## WHAT YOU HAVE TO DO
Print all entries below exactly as they appear.

Saved data entries:
■ ■ ■ ■

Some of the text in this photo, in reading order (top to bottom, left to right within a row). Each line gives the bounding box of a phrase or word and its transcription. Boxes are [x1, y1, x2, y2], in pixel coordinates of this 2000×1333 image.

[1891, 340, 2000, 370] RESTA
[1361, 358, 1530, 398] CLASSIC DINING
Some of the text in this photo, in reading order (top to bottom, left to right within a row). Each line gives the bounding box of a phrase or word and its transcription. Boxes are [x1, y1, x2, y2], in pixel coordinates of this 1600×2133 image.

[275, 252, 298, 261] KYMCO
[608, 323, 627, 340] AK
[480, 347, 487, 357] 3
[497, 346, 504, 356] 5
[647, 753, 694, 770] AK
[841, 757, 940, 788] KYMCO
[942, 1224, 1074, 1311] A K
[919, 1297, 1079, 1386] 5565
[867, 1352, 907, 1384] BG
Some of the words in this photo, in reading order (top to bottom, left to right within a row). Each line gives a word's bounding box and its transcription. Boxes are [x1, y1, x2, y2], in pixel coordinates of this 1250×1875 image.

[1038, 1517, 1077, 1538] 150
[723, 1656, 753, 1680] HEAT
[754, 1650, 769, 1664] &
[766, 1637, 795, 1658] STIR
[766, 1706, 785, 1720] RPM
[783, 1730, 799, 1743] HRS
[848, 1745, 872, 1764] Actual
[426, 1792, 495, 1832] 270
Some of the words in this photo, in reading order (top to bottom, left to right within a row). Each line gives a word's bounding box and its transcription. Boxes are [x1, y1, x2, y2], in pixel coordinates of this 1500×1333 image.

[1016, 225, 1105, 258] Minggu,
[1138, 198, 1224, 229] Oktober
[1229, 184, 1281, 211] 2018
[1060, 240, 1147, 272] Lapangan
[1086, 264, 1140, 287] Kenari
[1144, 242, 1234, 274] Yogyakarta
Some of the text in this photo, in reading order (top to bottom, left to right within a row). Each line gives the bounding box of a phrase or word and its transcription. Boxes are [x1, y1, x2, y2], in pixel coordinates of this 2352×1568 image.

■ ■ ■ ■

## ANSWER TO THIS TASK
Some of the text in this photo, in reading order (top to bottom, left to right within a row). Each line gives the bounding box of a phrase or word and its transcription. Boxes are [x1, y1, x2, y2], in pixel coordinates of this 2000×1333 image.

[1891, 340, 2000, 370] RESTA
[1361, 358, 1530, 398] CLASSIC DINING
Some of the text in this photo, in reading order (top to bottom, left to right within a row). Each line gives the bounding box of a phrase or word and its transcription. Boxes are [x1, y1, x2, y2], in pixel coordinates of this 1600×2133 image.

[275, 252, 298, 261] KYMCO
[608, 323, 627, 340] AK
[480, 347, 487, 357] 3
[497, 346, 504, 356] 5
[647, 753, 694, 770] AK
[841, 757, 940, 788] KYMCO
[942, 1224, 1074, 1311] A K
[919, 1297, 1079, 1386] 5565
[867, 1352, 907, 1384] BG
Some of the words in this photo, in reading order (top to bottom, left to right within a row). Each line gives a word's bounding box and its transcription. Boxes are [x1, y1, x2, y2], in pixel coordinates of this 1250×1875 image.

[1038, 1517, 1077, 1538] 150
[723, 1656, 753, 1680] HEAT
[754, 1650, 769, 1664] &
[766, 1637, 795, 1658] STIR
[766, 1706, 785, 1720] RPM
[783, 1730, 799, 1743] HRS
[848, 1745, 872, 1764] Actual
[426, 1792, 495, 1832] 270
Some of the words in this photo, in reading order (top to bottom, left to right within a row). Each line gives a word's bounding box and its transcription. Boxes are [x1, y1, x2, y2], in pixel coordinates of this 1500×1333 image.

[1016, 225, 1105, 258] Minggu,
[1138, 198, 1224, 229] Oktober
[1229, 184, 1281, 211] 2018
[1060, 240, 1147, 272] Lapangan
[1086, 264, 1140, 287] Kenari
[1144, 242, 1234, 274] Yogyakarta
Some of the text in this photo, in reading order (top to bottom, left to right within a row). Each line gives the bounding box of a phrase or word and its transcription. Boxes are [x1, y1, x2, y2], in pixel coordinates of this 2352×1568 image.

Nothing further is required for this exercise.